### Problem details
Output the records below in full, word for word; pictures do not belong in it.
============
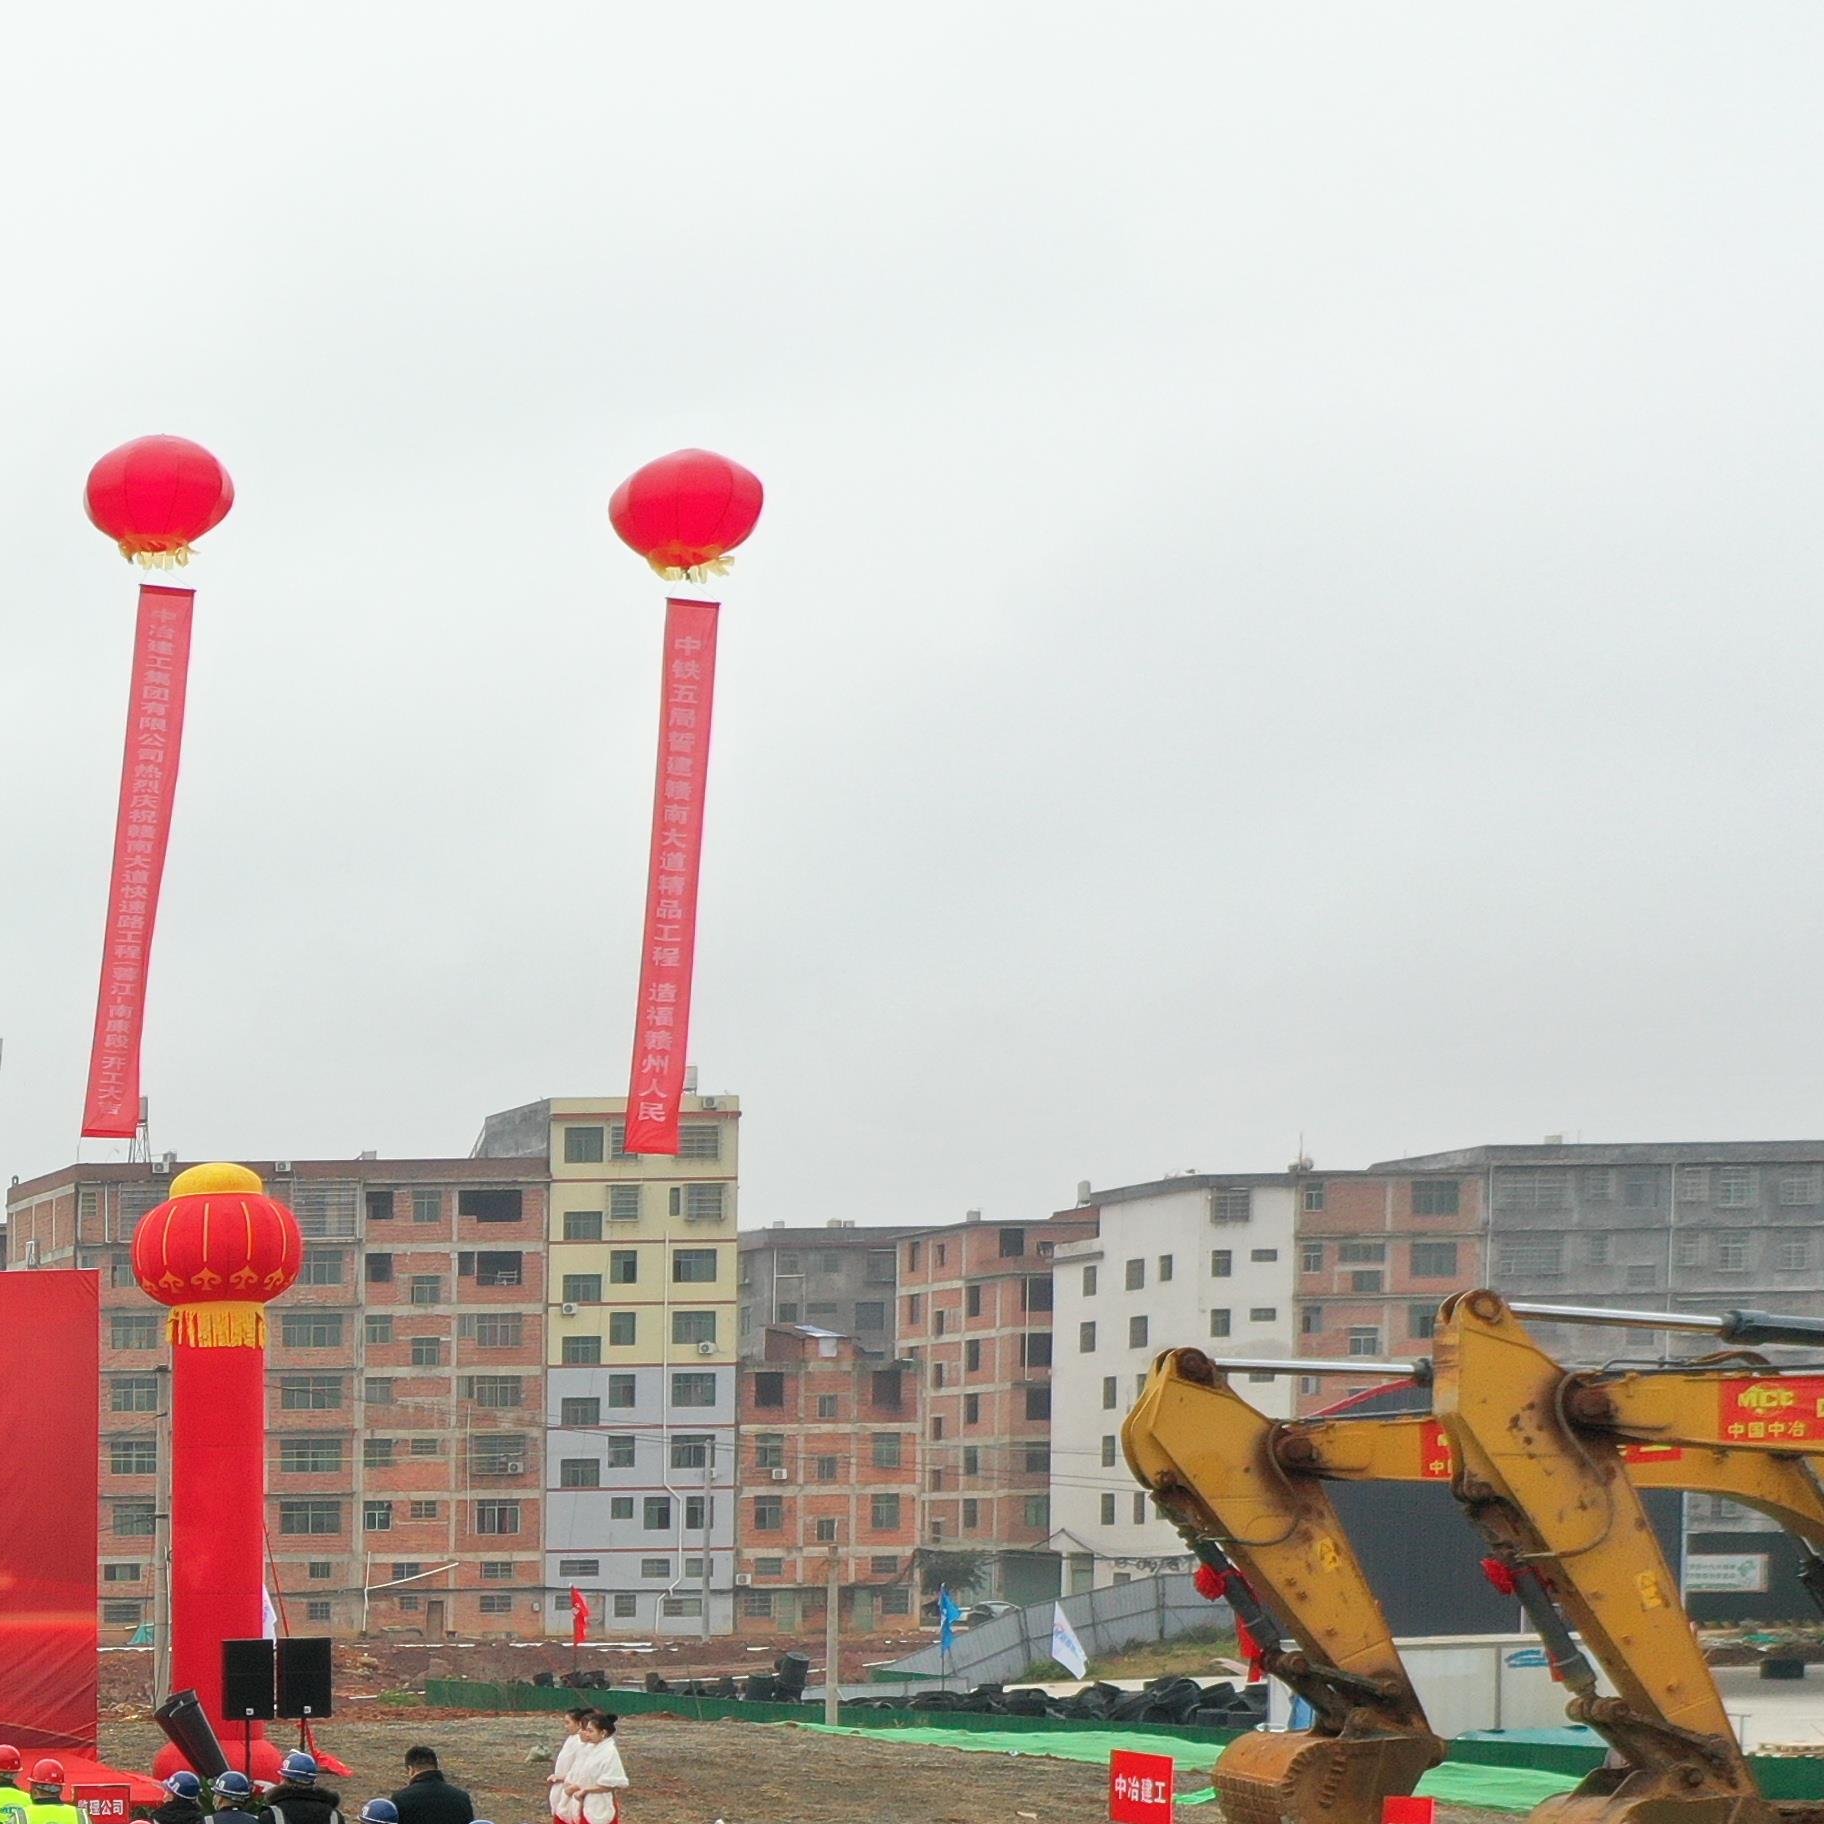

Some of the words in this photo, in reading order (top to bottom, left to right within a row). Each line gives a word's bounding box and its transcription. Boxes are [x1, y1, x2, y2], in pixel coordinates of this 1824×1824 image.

[637, 981, 677, 1123] 造福赣州人民
[1728, 1421, 1807, 1438] 中国中冶
[1115, 1773, 1166, 1804] 中冶建工
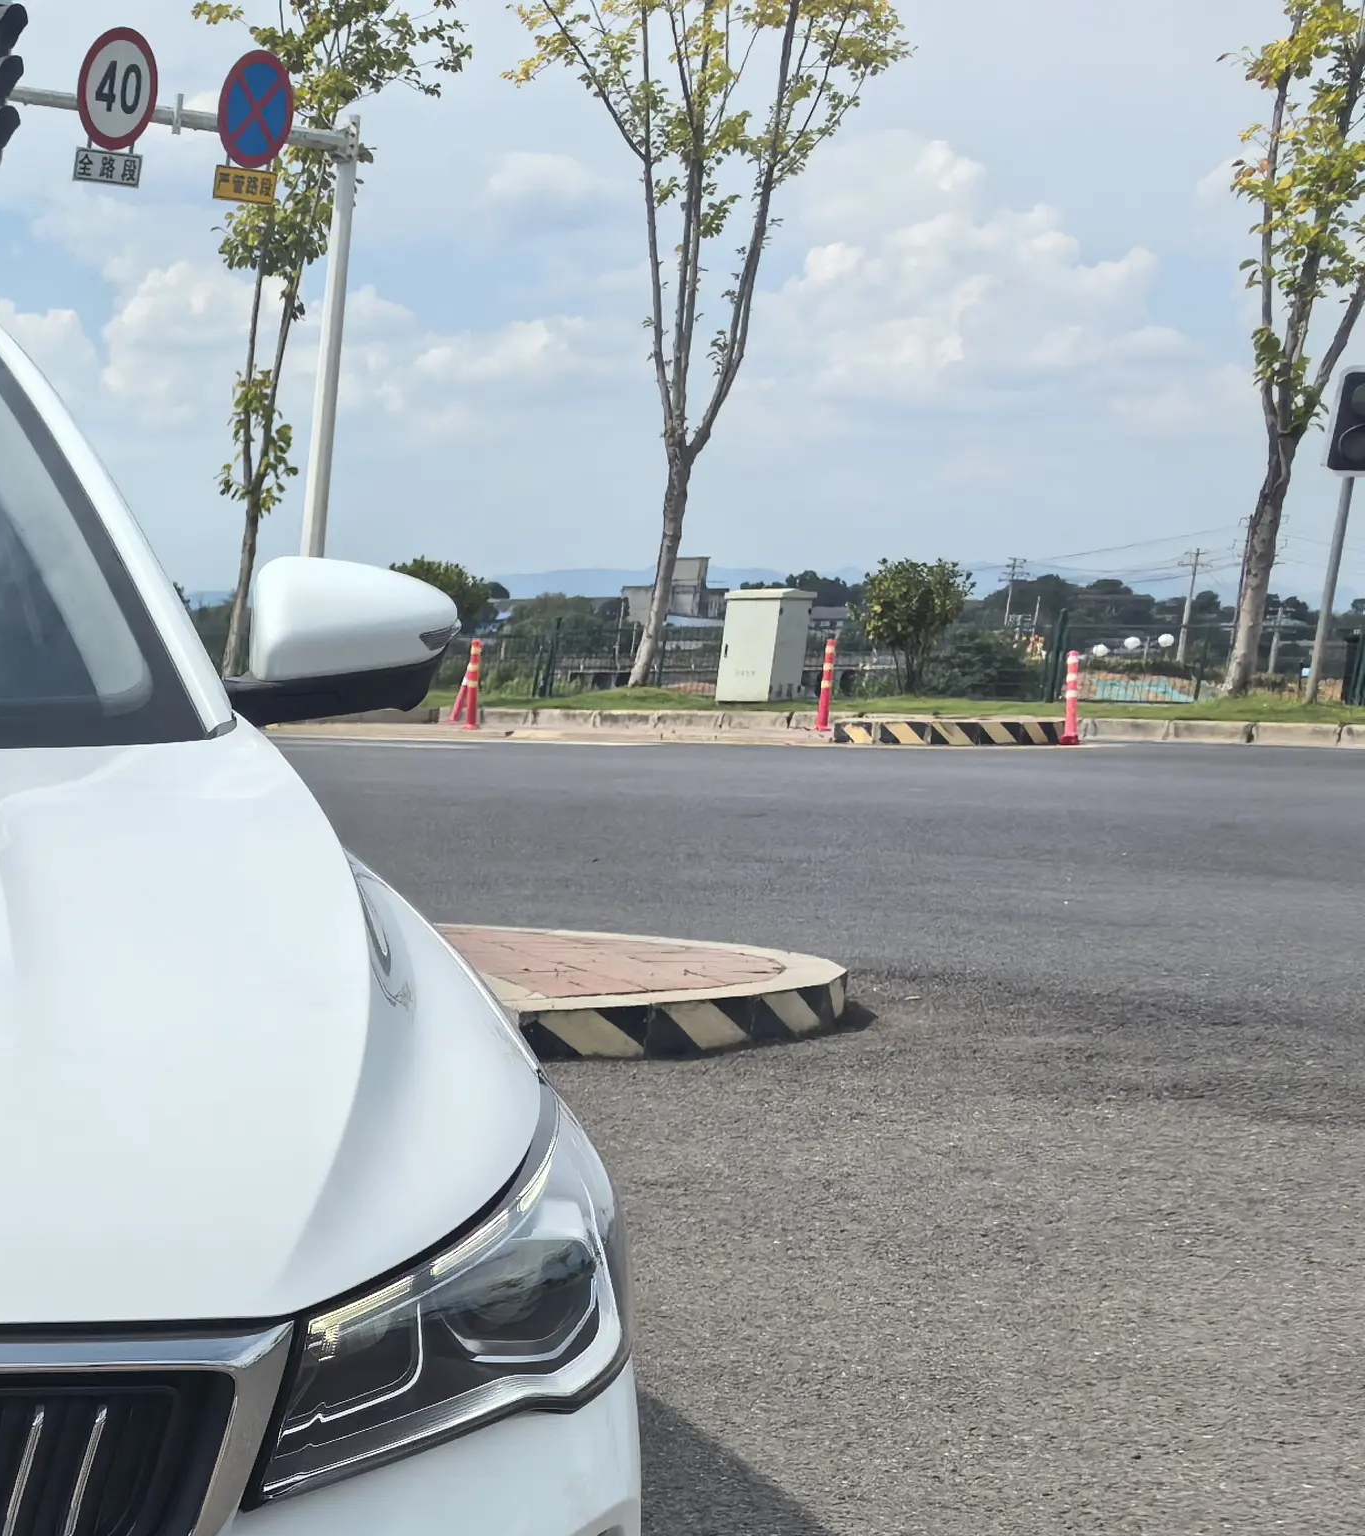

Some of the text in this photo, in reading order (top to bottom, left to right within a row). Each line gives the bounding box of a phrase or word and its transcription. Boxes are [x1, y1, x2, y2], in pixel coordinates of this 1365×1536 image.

[95, 60, 142, 115] 40
[77, 153, 138, 182] 全路段
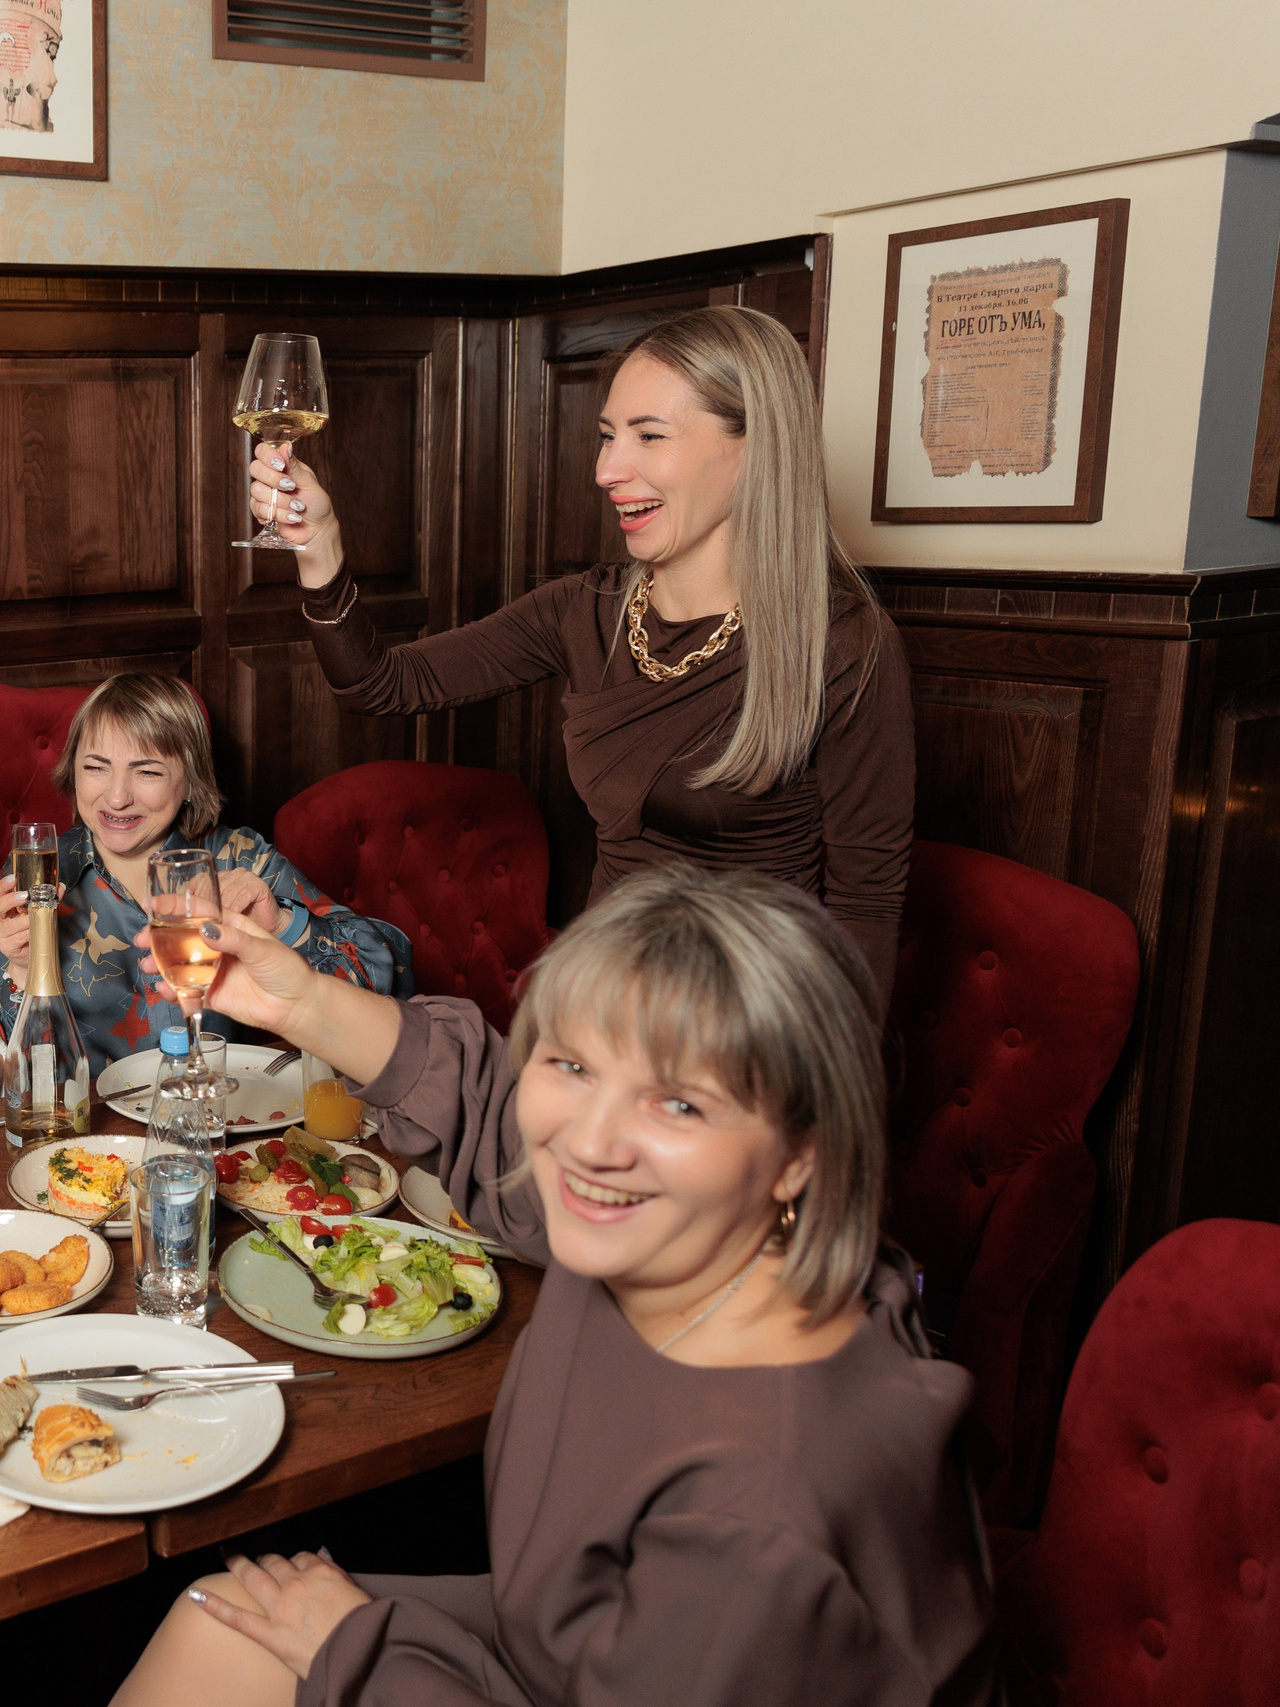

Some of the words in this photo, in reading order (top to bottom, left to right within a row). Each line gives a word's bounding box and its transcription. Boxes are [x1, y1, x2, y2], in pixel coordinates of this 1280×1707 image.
============
### Response area
Some of the words in this photo, in reading order (top to bottom, left to right within a row). Each line gives a word's bounding box and its transcription. Boxes are [x1, y1, x2, y2], in pixel coordinates of this 1824×1824 image.

[637, 981, 677, 1123] 造福赣州人民
[1728, 1421, 1807, 1438] 中国中冶
[1115, 1773, 1166, 1804] 中冶建工

Some of the text in this photo, in reading order (top to bottom, left to right within a row). Each line gives the bounding box of a phrase or word and its transcription. Boxes are [x1, y1, x2, y2], in pixel coordinates of this 1365×1536 image.

[95, 60, 142, 115] 40
[77, 153, 138, 182] 全路段

Some of the words in this photo, in reading order (top to bottom, left to right within a row). Each line gives a word's bounding box and its transcription. Boxes are [x1, y1, x2, y2], in pixel coordinates of this 1280×1707 image.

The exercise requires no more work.